Wichtig: Die Ä1 verlangt einen hohen Dokumentationsaufwand und sollte nie unbedarft als erste Leistung im Quartal erscheinen.

Beachten Sie für die Ä1 Folgendes:

  • Ist die BEMA 01 möglich, hat sie Vorrang vor der Ä1. Nur wenn die 01 aufgrund starker Schmerzen nicht durchführbar ist, kann die Ä1 herangezogen werden.
  • Ä1 muss dokumentiert werden: Was wurde beraten und mit welcher Indikation? Ohne Dokumentation keine Ä1.
  • Ä1 darf nicht für eine andere zahnärztliche Leistung abgerechnet werden.
  • Ä1 ist nicht als Behandlungsabschluss zulässig.
  • Ä1 darf nicht im Rahmen einer Kfo berechnet werden, es sei denn, sie dient anderen Zwecken.
  • Ä1 darf für eine Beratung von Bezugspersonen berechnet werden.
  • Ä1 kann telefonisch oder persönlich erfolgen.
  • Ä1 ist als alleinige Beratung möglich, wenn der Inhalt dokumentiert wird.
  • Ä1 ist eine rein ärztliche Leistung.

 

2. Privat Versicherte: Beratung ist kein Leistungsinhalt

Die Beratung von privat Versicherten ist nicht Leistungsinhalt. Zu jeder Untersuchung nach 0010, Ä6, Ä5 gehört eine Ä1 oder Ä3. Arzt oder Ärztin klären über den Befund auf und lösen damit die Beratungsposition aus. GOÄ-Beratungsleistungen sind ärztliche Leistungen und dürfen nicht durch eine ZFA erbracht und berechnet werden (ausgenommen Ä2).

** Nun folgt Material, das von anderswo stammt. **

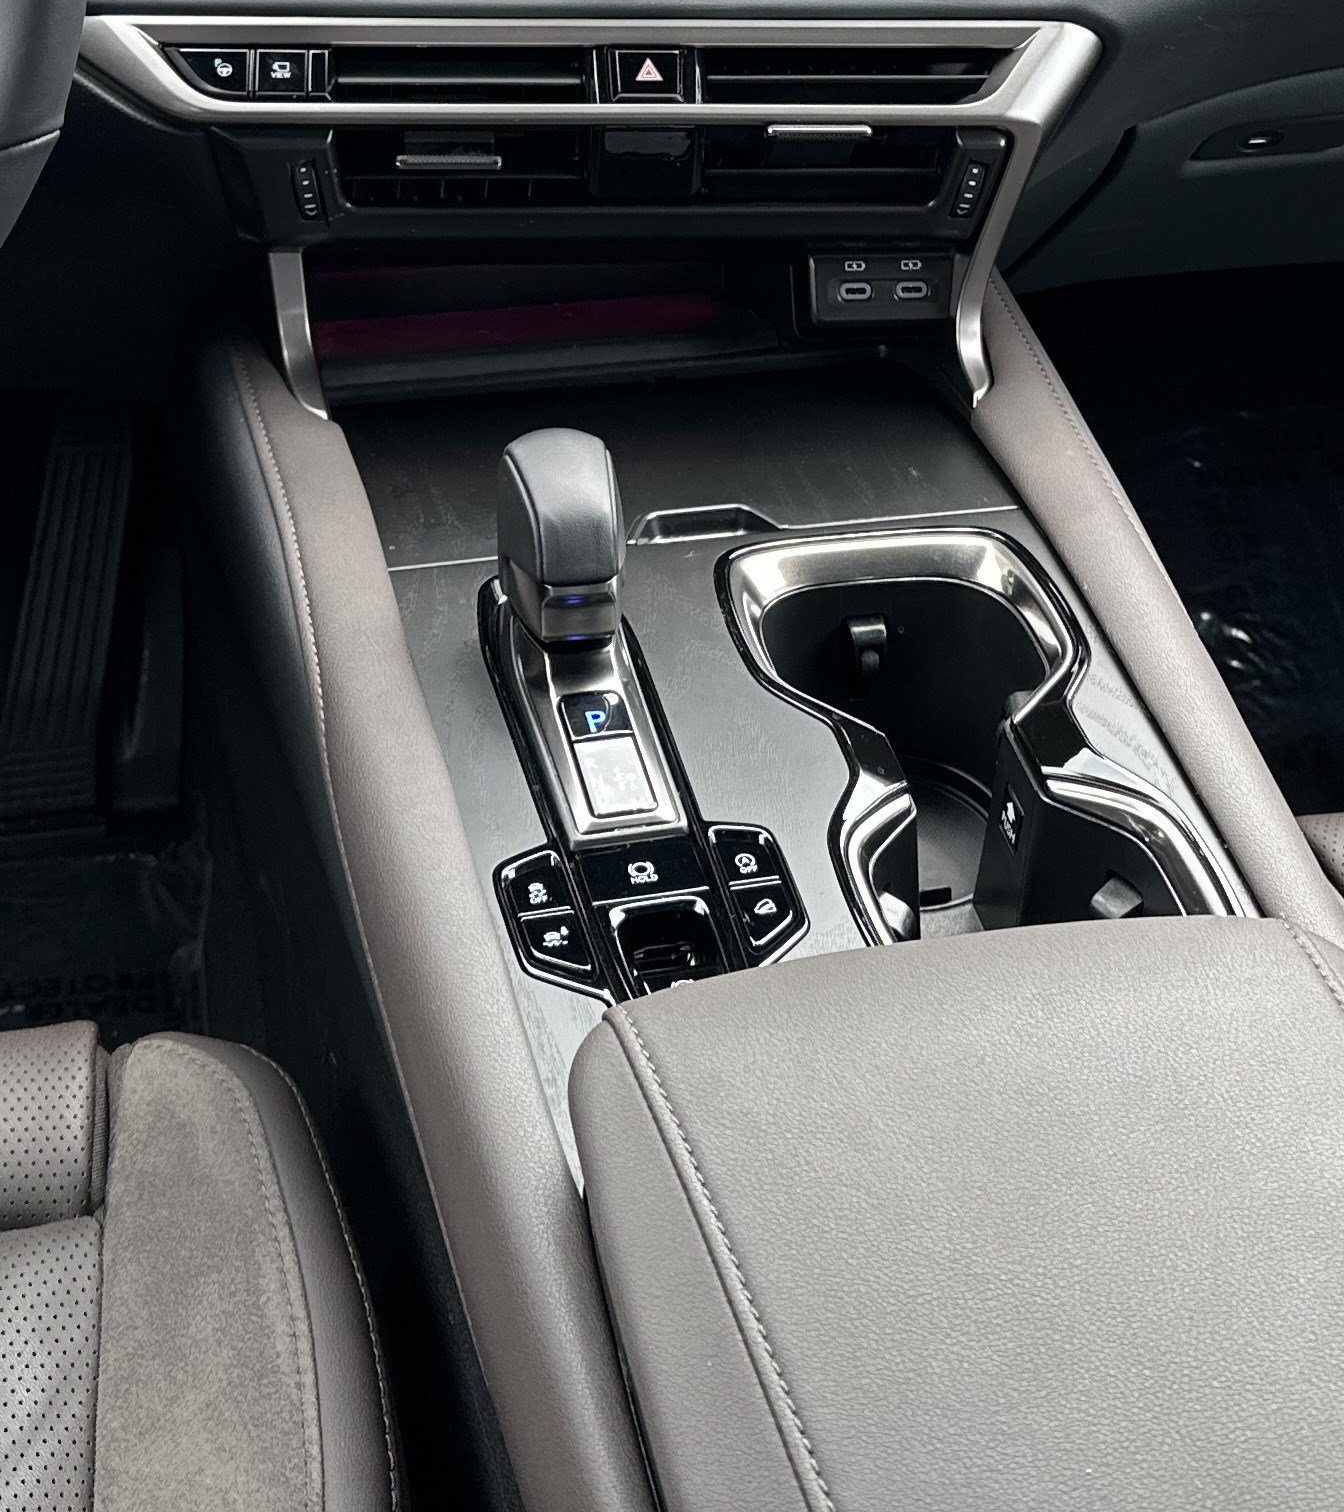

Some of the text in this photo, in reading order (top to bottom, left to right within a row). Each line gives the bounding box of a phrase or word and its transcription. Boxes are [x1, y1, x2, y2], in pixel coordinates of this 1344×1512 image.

In der GOZ/GOÄ gilt für den Krankheitsfall die 30-Tage-Frist. Innerhalb dieser 30 Tage kann ein neuer Krankheitsfall auftreten, der wiederum die Ä1/Ä3 auslösen kann.

Beispiel: Patient erscheint am 03.05. zur Untersuchung und Beratung mit PZR (0010, 0070, 4005, Ä1, Ä 5000, xx x 1040). Am 10.05. erscheint er erneut, weil er Beschwerden an Zahn 45 hat. Dies ist ein neuer Krankheitsfall und löst neben den Leistungen zur Therapie die Ä1, Ä5 aus.
 

GOÄ Ä1–4: Darauf müssen Sie achten

  • GOÄ Ä1/4: Ä1 und 4 können Sie kombinieren. Mit der Ä1 wird der Patient bzw. die Patientin beraten oder aufgeklärt, mit der Ä4 die Bezugsperson.
  • GOÄ Ä2: Die Ä2 darf für die Leistung einer ZFA abgerechnet werden, sofern die Anweisungen und Befunde nach Rücksprache mit dem ärztlichen Personal übermittelt werden. Das gilt aber nur, wenn es in der betreffenden Sitzung keinen Arztkontakt gab.
    • Beispiel 1: Befunderhebung am Vormittag mit OPG-Aufnahme. Auswertung des OPG im Büro durch den Zahnarzt. Anweisung an die ZFA, den Patienten anzurufen und folgende Befunde zu übermitteln … Der Anruf wird als 2. Sitzung mit der GOÄ Ä 2 berechnet.
    • Beispiel 2: Extraktion am frühen Nachmittag. Patientin ruft an, weil die Blutung nicht stoppt. ZFA nimmt Rücksprache und übermittelt eine Anordnung der Zahnärztin an den Patienten. Das Telefonat ist als 2. Sitzung mit der Ä 2 berechnungsfähig.
  • GOÄ Ä3: Sie darf in der GOZ nur als alleinige Leistung, neben 0010, Ä6, Ä5 berechnet werden.